C2C Industrial Properties Inc. Announces Services for Shares Settlement
23 Settembre 2012 - 1:25PM
PR Newswire (Canada)
TORONTO, Sept. 25, 2012 /CNW/ - C2C Industrial Properties Inc. (the
"Company") , announced today that it has agreed to satisfy a
portion of the acquisition and asset management fees owing to
Strathallen Capital Corp. (the "Asset Manager") pursuant to the
asset management agreement dated March 18, 2011, as amended (the
"Asset Management Agreement") between the Company and the Asset
Manager by the issuance of shares. The fees payable to the Asset
Manager by the Company for the period from May 17, 2011 to
September 30, 2012 totalled $1,453,577.67. The Company
proposes to satisfy $711,175.26 of the fees (48.93%) by issuing
158,440 common shares in the capital of the Company in order to
preserve its working capital and funds for future
acquisitions. The issue price of the common shares will be
$4.4886 per share which, in accordance with the Asset Management
Agreement, was the 20-day weighted average trading price of the
common shares immediately prior to approval of the issuance of the
shares. The common shares will be issued in the name of the Asset
Manager and delivered to an escrow agent and released to the Asset
Manager on the basis of 1/3 on the Termination Date, as defined
below, and 1/3 on each of the next two anniversaries of the
Termination Date. For these purposes, the "Termination Date"

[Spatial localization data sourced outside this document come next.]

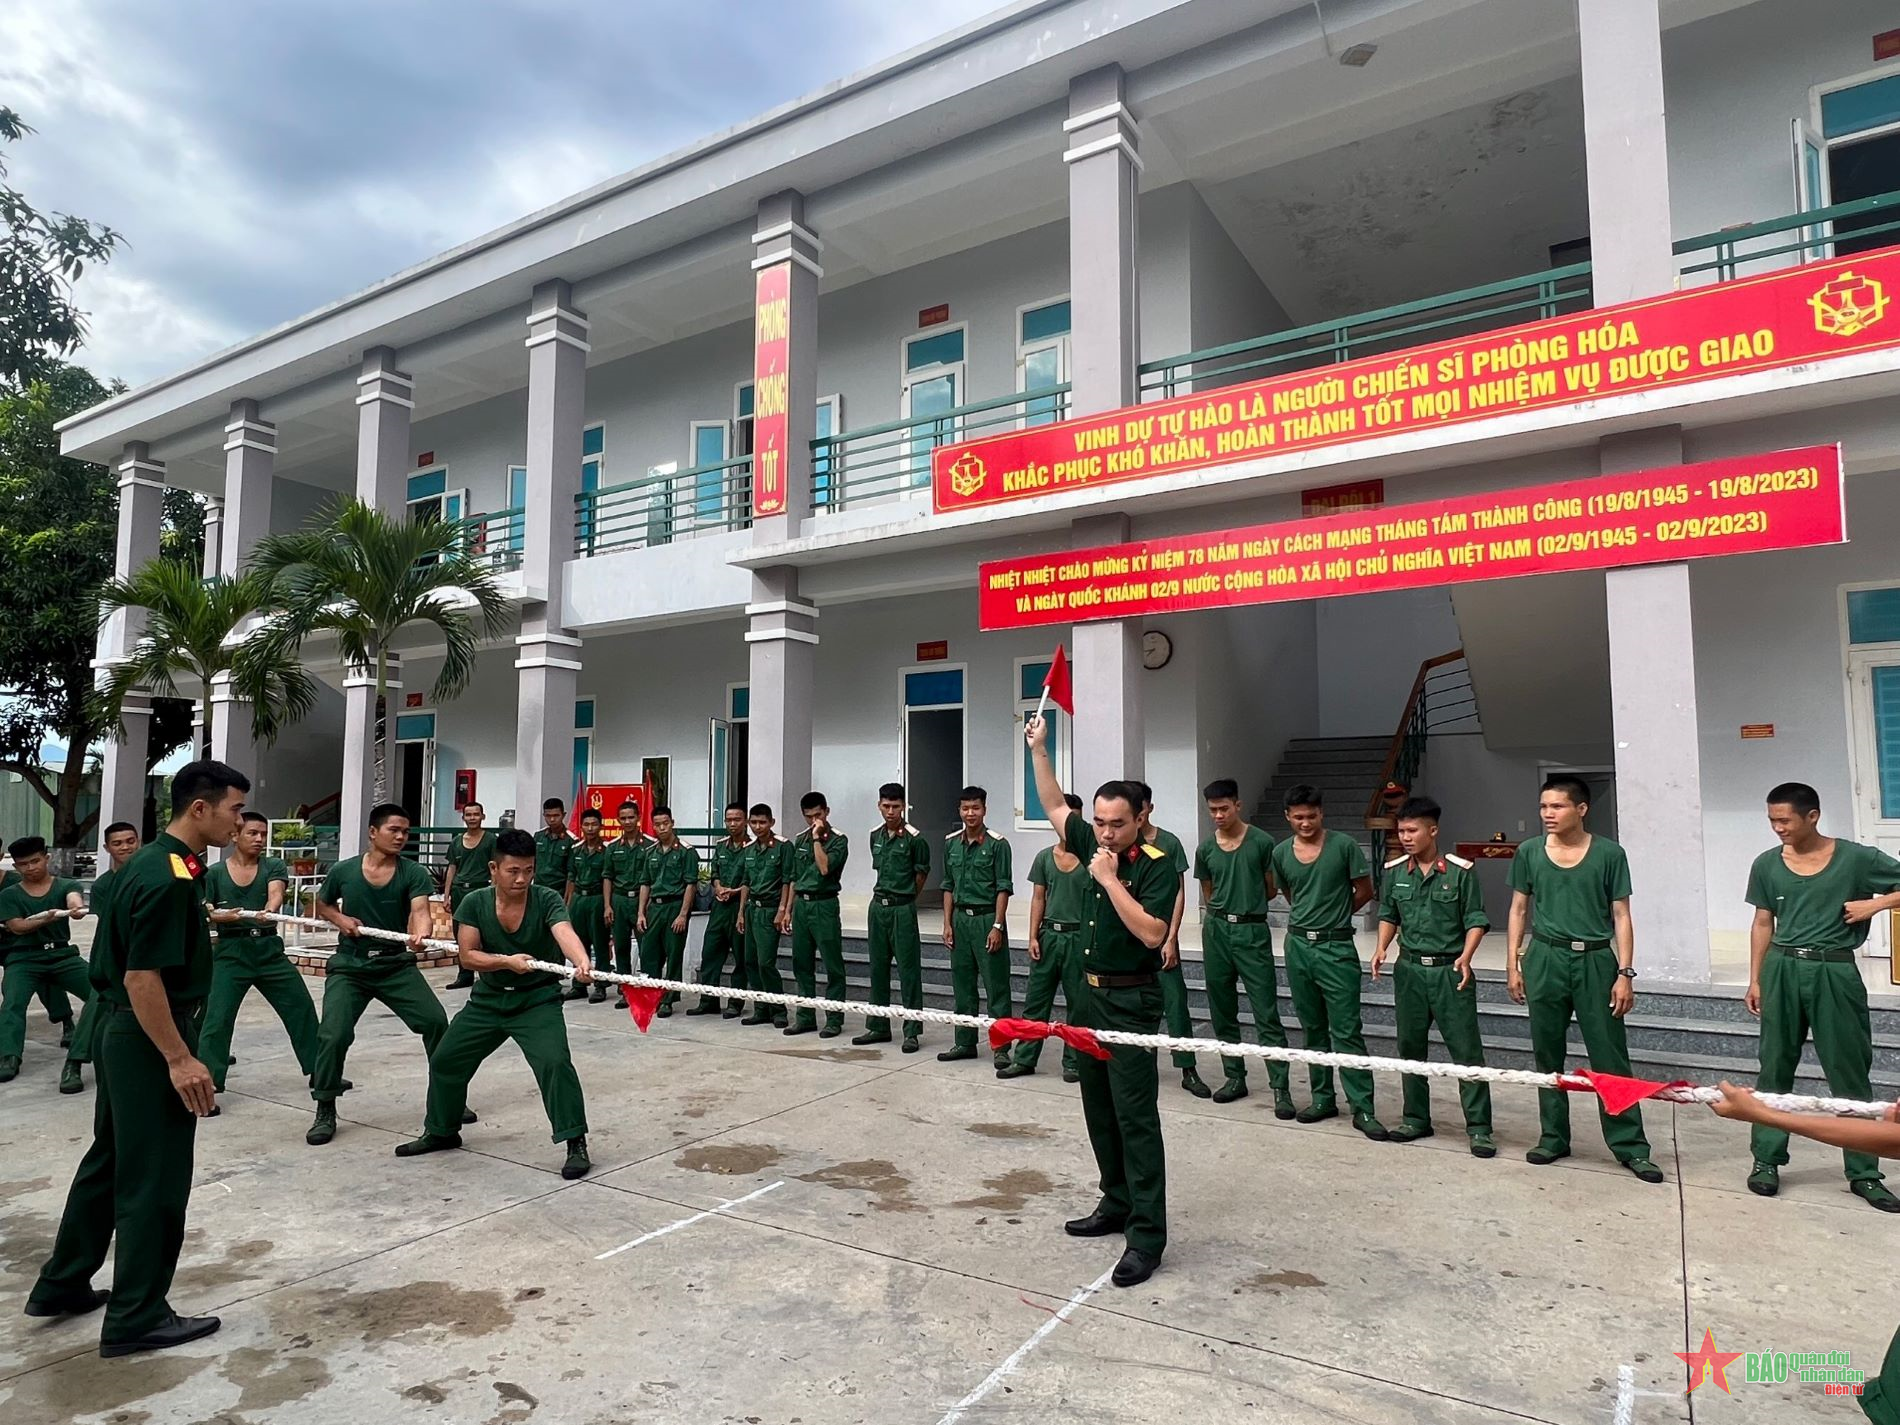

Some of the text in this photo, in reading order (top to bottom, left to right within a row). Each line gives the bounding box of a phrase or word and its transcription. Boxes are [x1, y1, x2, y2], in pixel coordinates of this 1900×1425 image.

[758, 291, 787, 344] PHÒNG
[757, 357, 785, 419] CHỐNG
[1003, 329, 1775, 493] KHẮC PHỤC KHÓ KHĂN, HOÀN THÀNH TỐT MỌI NHIỆM VỤ ĐƯỢC GIAO
[1074, 320, 1639, 453] VINH DỰ TỰ HÀO LÀ NGƯỜI CHIẾN SĨ PHÒNG HÓA
[761, 432, 778, 493] TỐT
[989, 570, 1021, 591] NHIỆT
[1023, 565, 1056, 587] NHIỆT
[1058, 561, 1089, 581] CHÀO
[1093, 556, 1129, 577] MỪNG
[1132, 549, 1149, 573] KỶ
[1151, 549, 1185, 571] NIỆM
[1188, 548, 1204, 565] 78
[1207, 542, 1239, 563] NĂM
[1243, 537, 1280, 559] NGÀY
[1284, 533, 1323, 553] CÁCH
[1326, 526, 1372, 551] MẠNG
[1376, 518, 1427, 542] THÁNG
[1431, 512, 1467, 535] TÁM
[1472, 505, 1528, 529] THÀNH
[1533, 497, 1582, 521] CÔNG
[1587, 484, 1688, 517] (19/8/1945
[1708, 466, 1818, 499] 19/8/2023)
[1016, 594, 1031, 613] VÀ
[1034, 592, 1066, 611] NGÀY
[1068, 584, 1101, 608] QUỐC
[1104, 582, 1147, 603] KHÁNH
[1151, 580, 1179, 598] 02/9
[1183, 572, 1220, 595] NƯỚC
[1224, 570, 1264, 594] CỘNG
[1267, 564, 1297, 585] HÒA
[1301, 561, 1322, 582] XÃ
[1325, 558, 1352, 581] HỘI
[1355, 549, 1388, 577] CHỦ
[1392, 548, 1444, 572] NGHĨA
[1447, 542, 1485, 567] VIỆT
[1489, 538, 1531, 561] NAM
[1537, 526, 1637, 556] (02/9/1945
[1656, 511, 1767, 541] 02/9/2023)

means the date that the market value of the Company's assets first
equals or is greater than $500,000,000. The shares issued to the
Asset Manager will be subject to a four month hold period expiring
January 26, 2013, in accordance with the policies of the TSX
Venture Exchange Inc. The issuance of the shares is a "related
party transaction" as defined in Multilateral Instrument 61-101 -
Protection of Minority Security holders in Special Transactions
("MI 61-101") as the Asset Manager is considered to be a non-arm's
length party of the Company. However, the transaction is
exempt from the formal valuation and minority shareholder approval
requirements of MI 61-101 as neither the fair market value of the
common shares issued to the Related Parties nor the fair market
value of the consideration for the transaction exceeded 25% of
C2C's market capitalization, as per section 5.5 and 5.7 of MI
61-101. In addition, independent shareholder approval was obtained
on June 27, 2012 authorizing the issuance of the shares by the
Company in partial satisfaction of the fees owing to the Asset
Manager pursuant to the Asset Management Agreement. A
material change report in respect of this transaction was not filed
at least 21 days in advance of the share issuance. The Company
believes a shorter period between this disclosure and the issuance
of common shares is reasonable, in light of its need to satisfy its
outstanding debts in a timely manner and the relatively small size
of the related party transactions. Further to the TSX Venture
Exchange Inc. bulletin dated as of today's date, the amount of the
indebtedness settled by the Company by the issuance of common
shares is $711,175.26. About C2C Industrial Properties Inc. C2C is
a real estate investment corporation specializing in the
acquisition, ownership and operation of light industrial properties
across Canada. C2C currently owns 21 industrial assets totaling
approximately 2.0 million square feet of gross leasable area. More
information about C2C is available at www.c2cip.com. The TSX
Venture Exchange Inc. has not reviewed and does not accept
responsibility for the adequacy or accuracy of this press release.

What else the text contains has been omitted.